Estimating near-verbatim extraction risk in language models with decoding-constrained beam search
A. Feder Cooper, Mark A. Lemley, Christopher De Sa, Lea Duesterwald, Allison Casasola, Jamie Hayes, Katherine Lee, Daniel E. Ho, Percy Liang

TL;DR
This paper introduces a decoding-constrained beam search method to efficiently estimate near-verbatim extraction risks in language models, revealing more extractable sequences and risk patterns than traditional verbatim methods.
Contribution
The authors propose a novel decoding-constrained beam search technique that provides deterministic lower bounds on near-verbatim extraction risk with significantly reduced computational cost.
Findings
Reveals many more extractable sequences than verbatim methods
Shows larger per-sequence extraction mass in models
Identifies patterns in extraction risk across model sizes and text types
Abstract
Recent work shows that standard greedy-decoding extraction methods for quantifying memorization in LLMs miss how extraction risk varies across sequences.
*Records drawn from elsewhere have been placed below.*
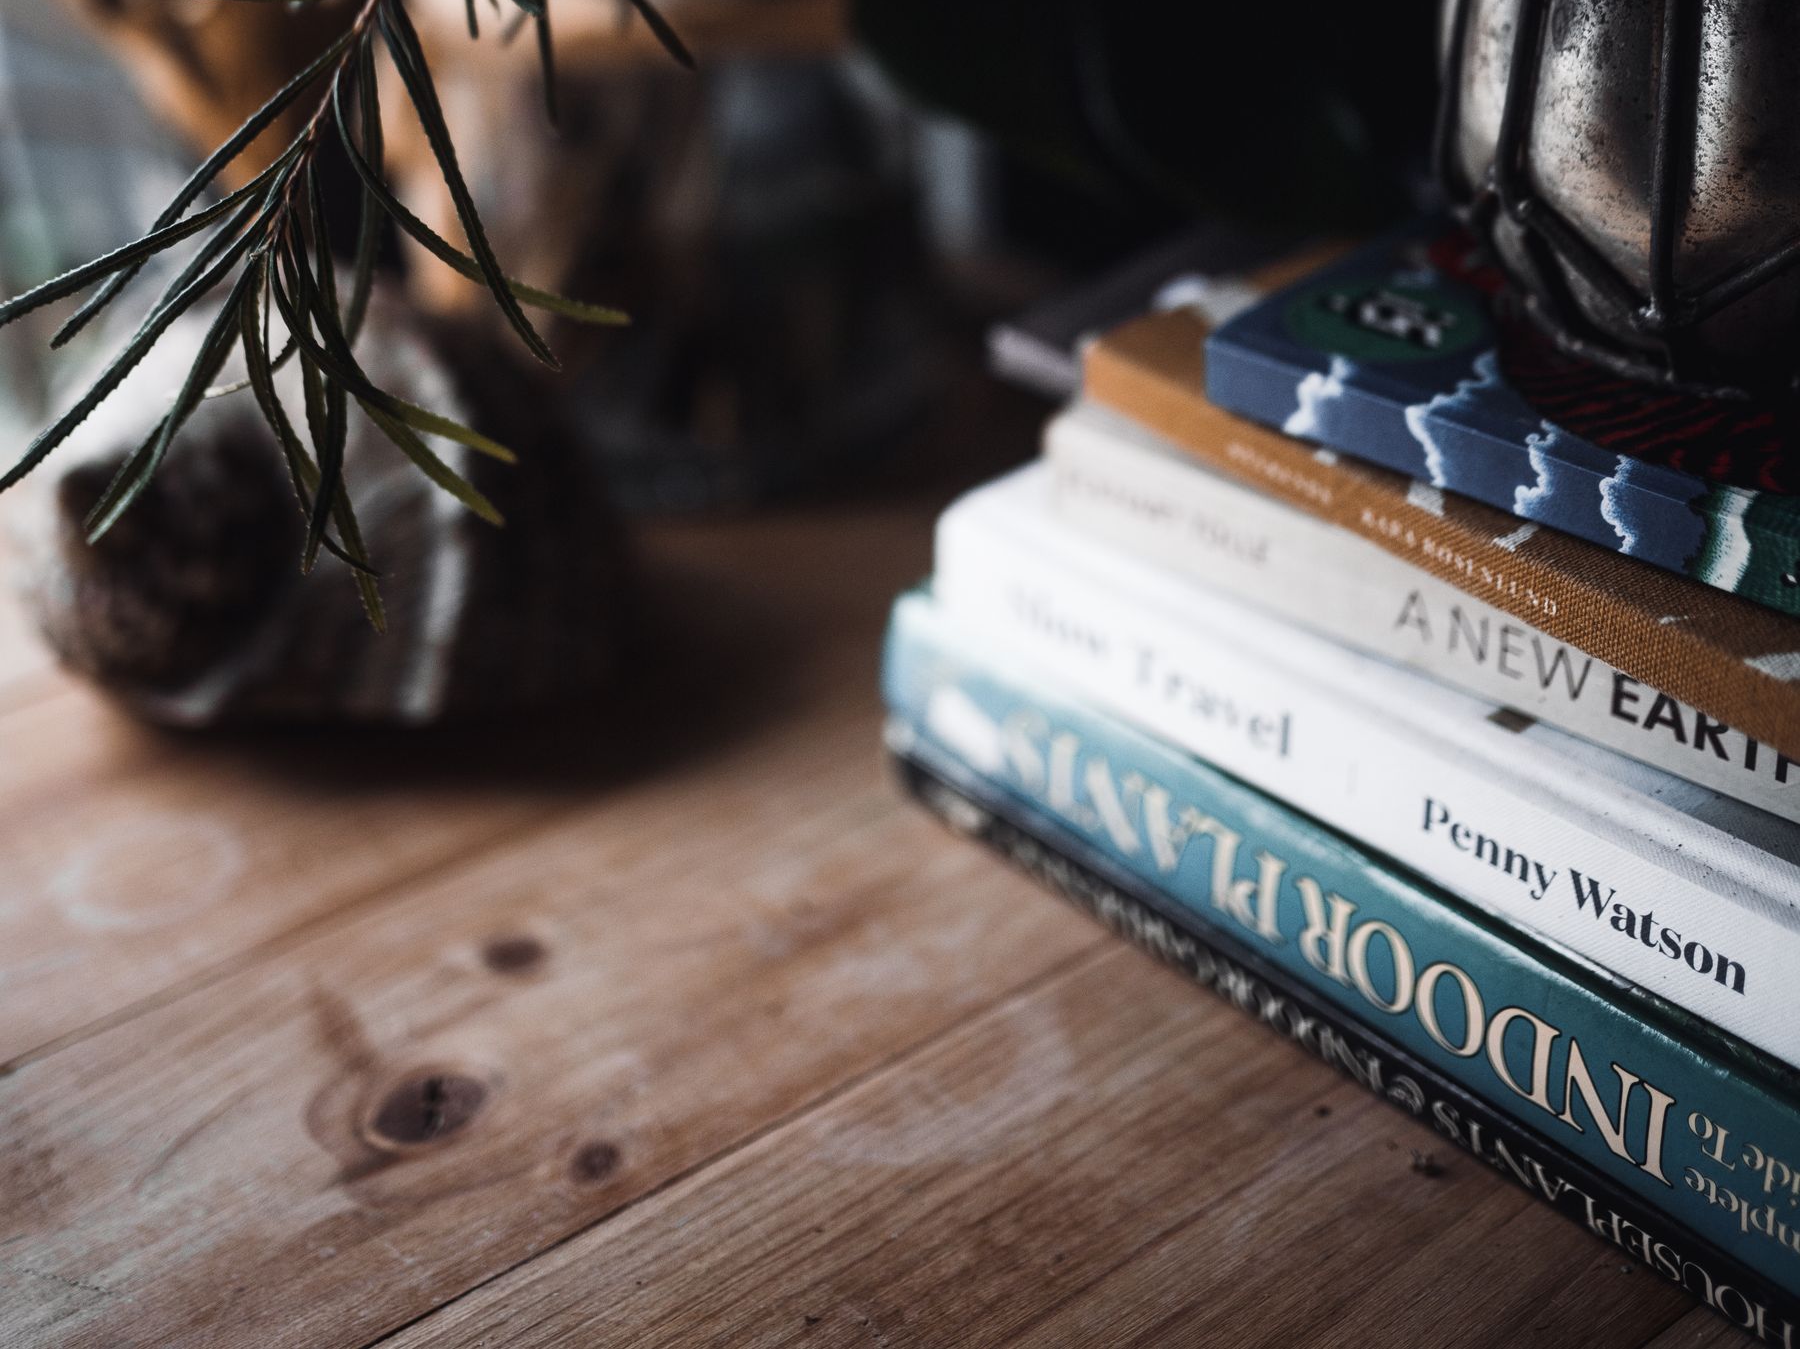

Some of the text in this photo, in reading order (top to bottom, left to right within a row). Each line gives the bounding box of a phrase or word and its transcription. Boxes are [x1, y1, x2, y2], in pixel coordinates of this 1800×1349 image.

[1394, 588, 1434, 644] A
[1447, 604, 1592, 701] NEW
[1000, 707, 1289, 946] PLANTS
[1421, 796, 1747, 997] Penny Watson
[1296, 877, 1677, 1189] INDOOR
[1687, 1111, 1737, 1171] To
[1430, 1098, 1795, 1349] HOUSEPLANTS
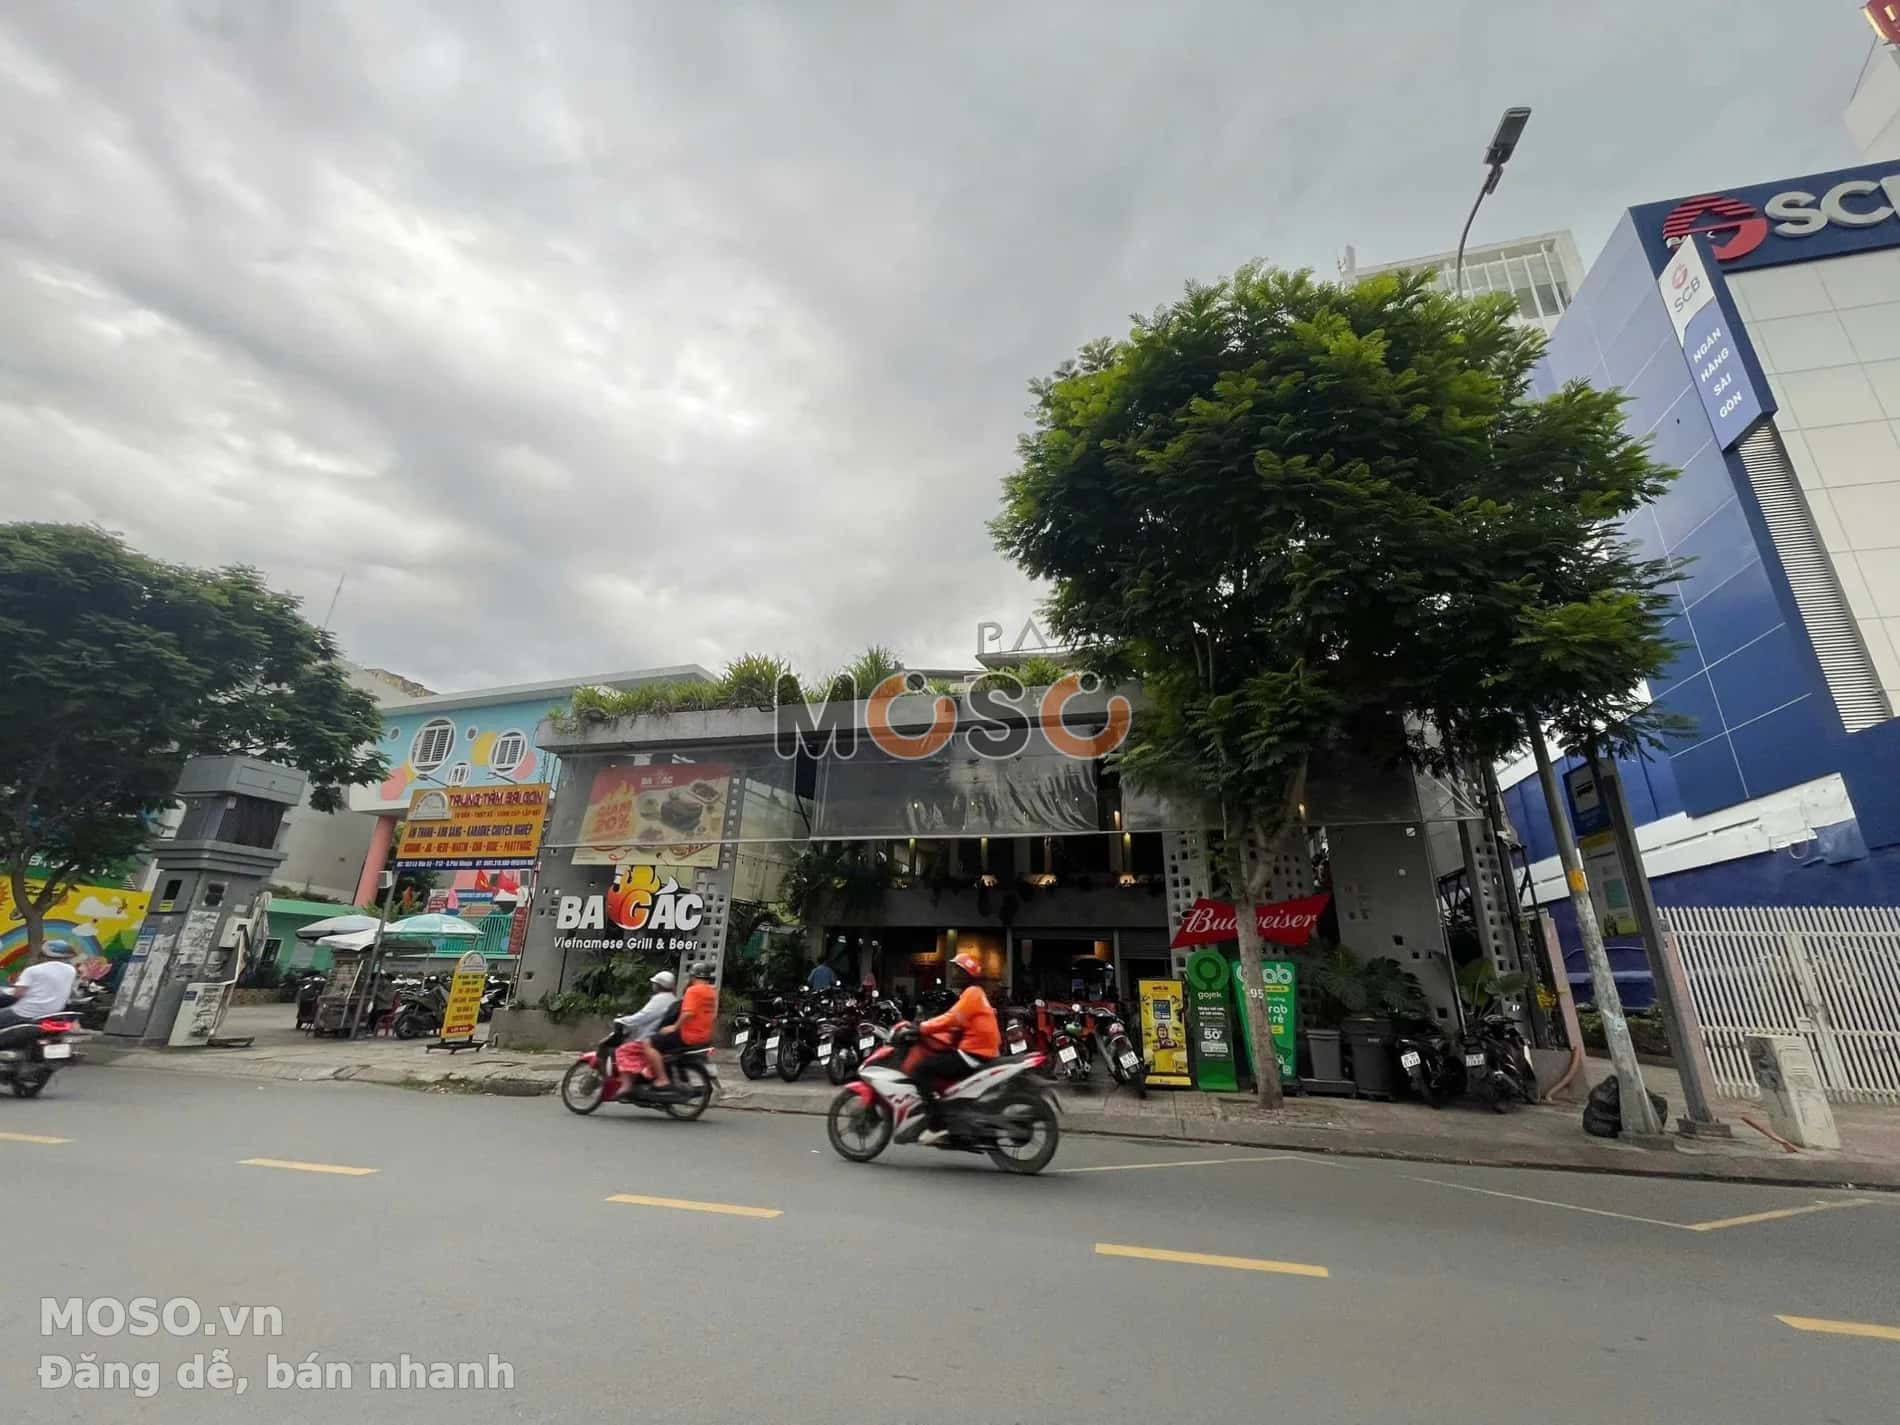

Probabilistic extraction -- computing the probability of generating a target suffix given a prefix under a decoding scheme -- addresses this, but is tractable only for verbatim memorization, missing near-verbatim instances that pose similar privacy and copyright risks. Quantifying near-verbatim extraction risk is expensive: the set of near-verbatim suffixes is combinatorially large, and reliable Monte Carlo (MC) estimation can require ~100,000 samples per sequence. To mitigate this cost, we introduce decoding-constrained beam search, which yields deterministic lower bounds on near-verbatim extraction risk at a cost comparable to ~20 MC samples per sequence. Across experiments, our approach surfaces information invisible to verbatim…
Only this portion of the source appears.